Baker’s own experiences and studies in these areas have focused on developing an understanding of people and the world him, something he feels would benefit others.
“People say, ‘I want to try to be happy.’ Well people just say, ‘oh I wish I was happy.’ Be happy, find happiness, what’s happiness to you? I had to search for it, I found happiness,” Baker said. “My biggest thing is understanding. Once you learn to understand everything around you, you really can get in touch with the world around you.”
These ideas are part of Baker’s notion that individuals benefit from expanding their world view, something he came to after losing his brother a year and a half ago.
Baker moved to the city from Long Island six years ago, hoping his two brothers would join him when he was able to afford to buy a house. Baker said his hometown was hit hard by the heroin epidemic and one of his brothers struggled with heroin addiction after graduating from high school.

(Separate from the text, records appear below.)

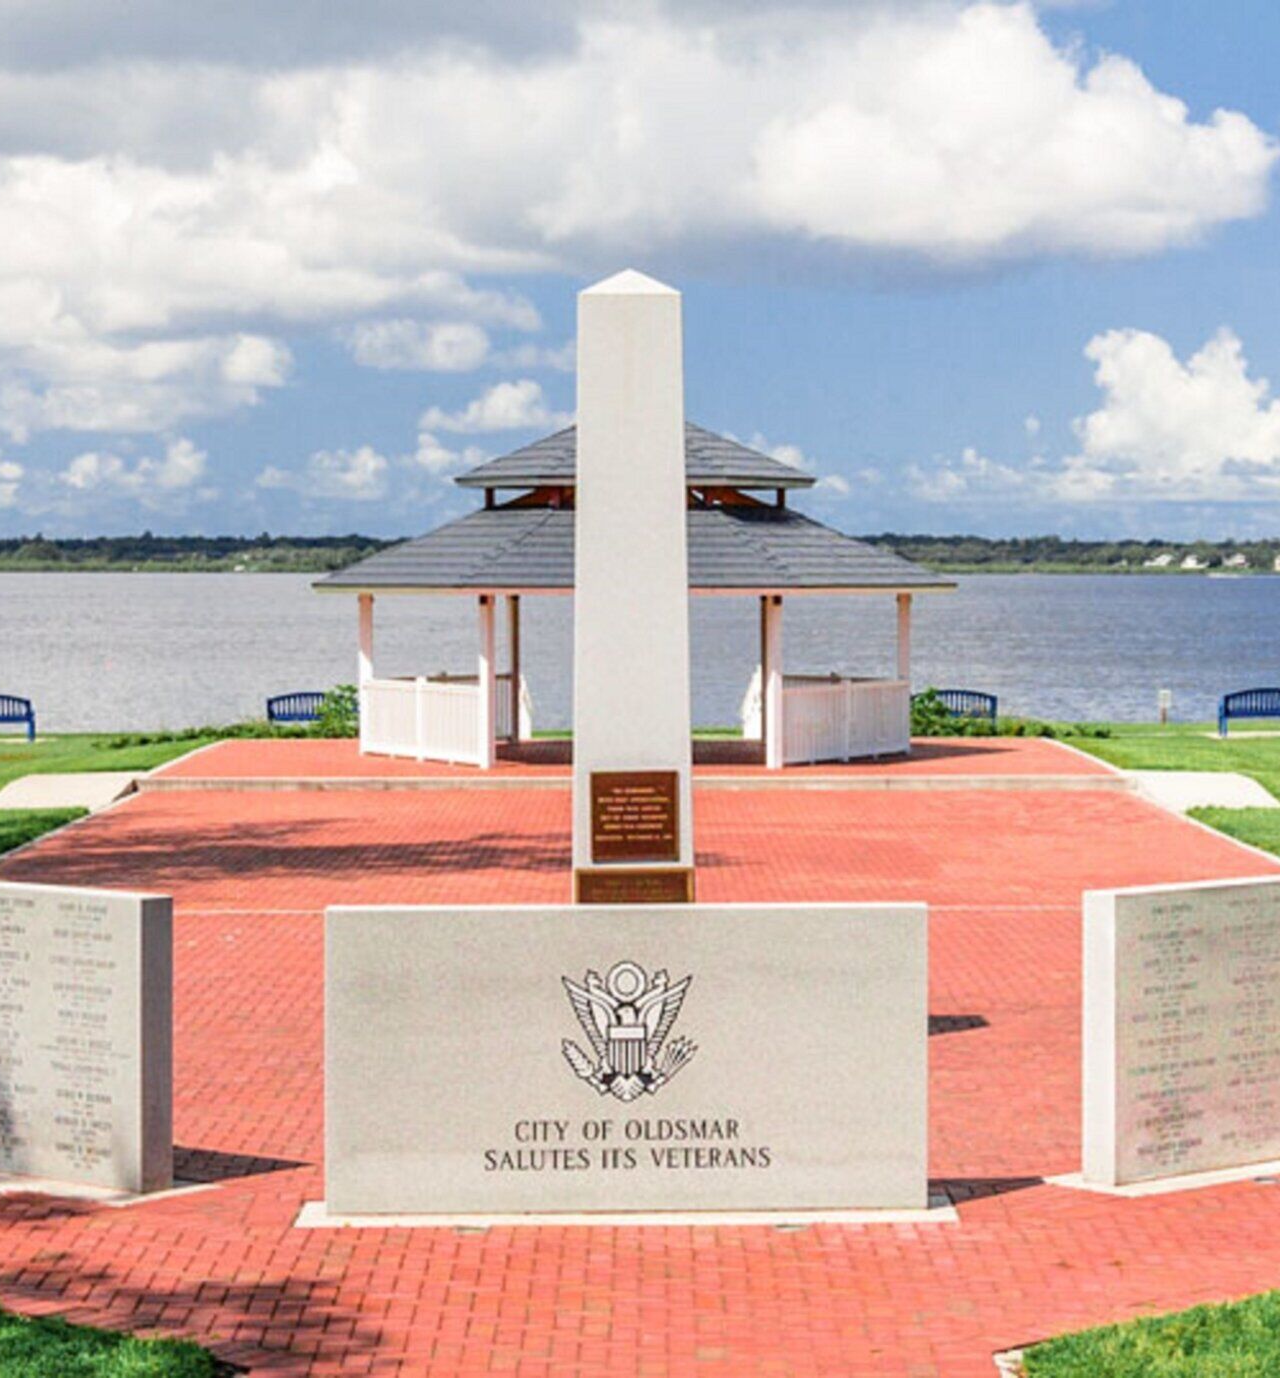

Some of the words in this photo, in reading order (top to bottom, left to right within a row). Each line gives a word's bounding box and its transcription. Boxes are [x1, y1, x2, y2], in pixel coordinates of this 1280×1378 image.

[514, 1120, 570, 1142] CITY
[582, 1120, 614, 1141] OF
[624, 1118, 739, 1140] OLDSMAR
[484, 1148, 590, 1171] SALUTES
[600, 1148, 637, 1170] ITS
[651, 1146, 771, 1170] VETERANS

Baker started working as a paramedic for Mohawk Ambulance and later for the Ambulance Service of Fulton County, receiving his associate degree from the State University of New York at Cobleskill. Eventually he was joined by his brothers and was able to help his brother stop using heroin.
Helping others has been one of Baker’s greatest motivations in life. He said he developed an interest in becoming a paramedic after his brother suffered a near fatal asthma attack when he was young that was treated by emergency responders.

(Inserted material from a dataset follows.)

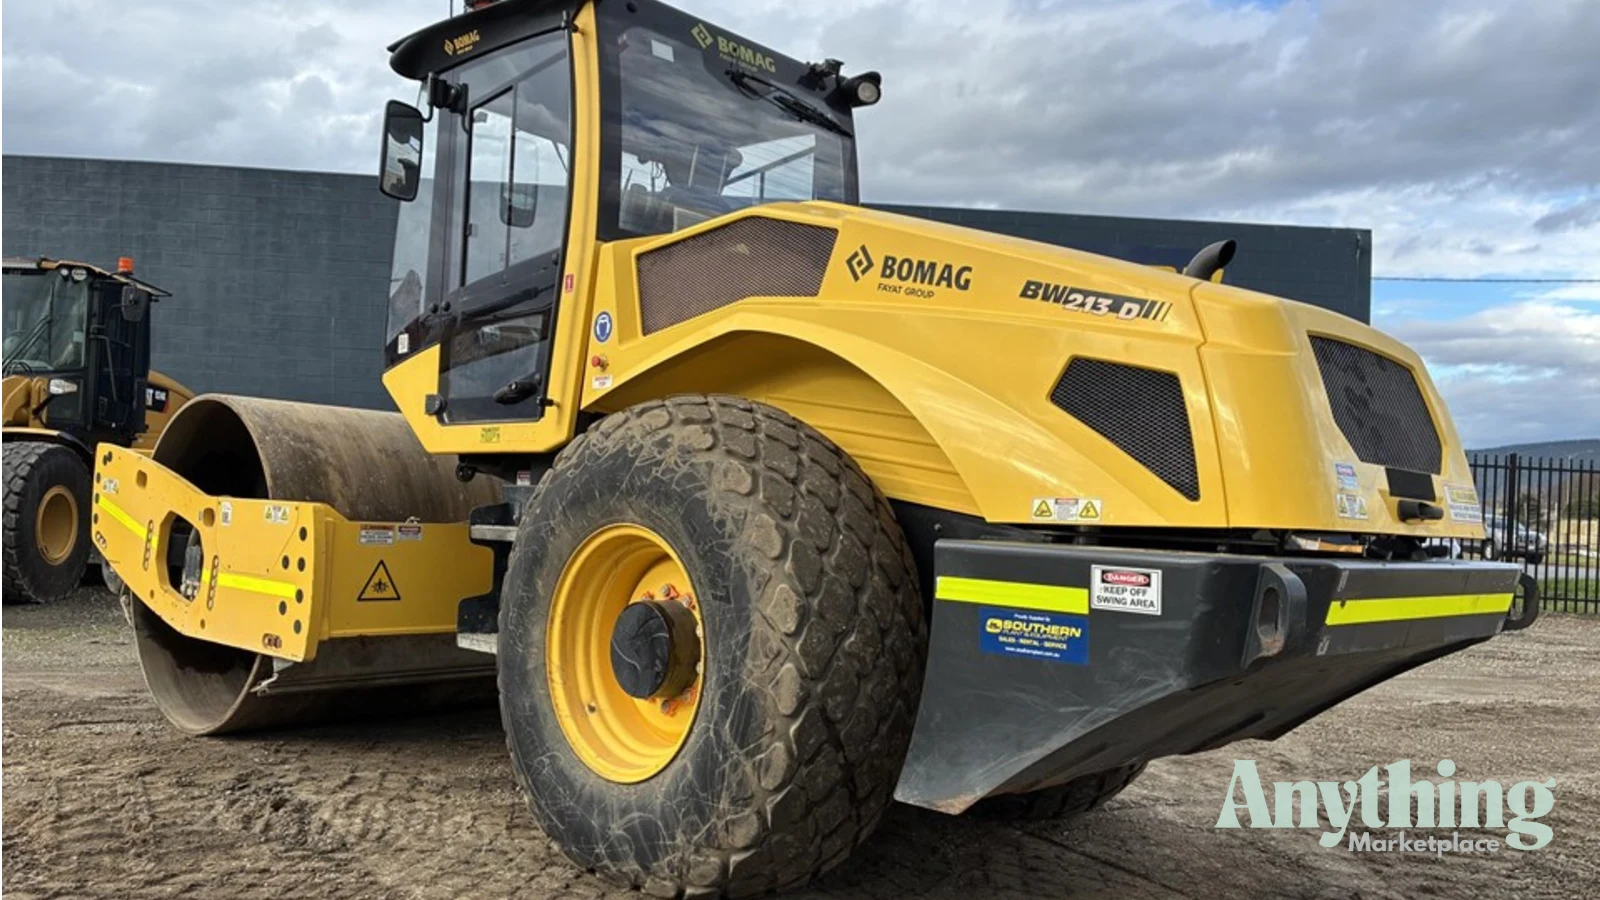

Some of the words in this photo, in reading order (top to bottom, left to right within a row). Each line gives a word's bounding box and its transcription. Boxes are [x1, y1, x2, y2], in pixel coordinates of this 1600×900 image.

“It inspired me to want be a paramedic and help people. It’s all I ever wanted to do, is help people,” Baker said.
But he said, “It’s hard to see people and young kids dying. And all of those types of situations. It’s very stressful situations that I’ve seen.
During this time, Baker developed a line of lip balm called, Baked Naturals, starting a home business. The idea came to him after driving a patient to dialysis a few times a week who had severely chapped lips from using an oxygen mask. He worked to prefect his formula eventually giving it to the patient, much to her delight.
He started selling the product in local shops, eventually placing it in 20 stores and making a deal to have it carried in a monthly subscription box. As the business expanded, Baker’s brother started helping out and was supposed to help him fill an order for 5,000 units after taking a trip home to Long Island.
He had been off of drugs for a year, but ran into an old friend while in Long Island and wound up using heroin. He overdosed and passed away the day before his 25th birthday.
“He went to Long Island one time and relapsed once after being clean for a year and that was it,” Baker said. “It was really just the last stresser that I could take on top of the stressful lifestyle I was already living by being a paramedic.”
Baker said he wasn’t interested in meditation and spiritualism until after his brother’s death, seeking it out as a means to find peace and to deepen his connection to his brother.
“I did my own research. It felt natural to me, it almost felt like a natural instinct just to meditate and find peace. I feel like it’s a type of self preservation reaction that your body does to keep you from being that stressed out all the time,” Baker said.
It worked for him, but he found he didn’t want to continue working in the paramedic field, seeking to help others struggling with drug abuse by teaching classes and telling his story at the HFM Prevention Council and later deciding to open the art and wellness center in his brother’s memory hoping other city dwellers will benefit the way that he has.
“I’m trying to create a very peaceful and happy environment for people,” Baker said.
Baker shuttered the lip balm business after his brother’s death, but plans to resume production for sale at the studio. He’ll also carry his own line of natural tattoo balm and locally made soy candles and artwork.
“My goal for this place is for people to find somewhere that they can find peace and happiness within themselves. People are just stressed out with life, maybe it’s somewhere they can come to forget about everything going on around them and just have time to themselves,” Baker said.
The 11ooam art and wellness center located at 47 N. Main St. Suite 2 will open today at 7 a.m.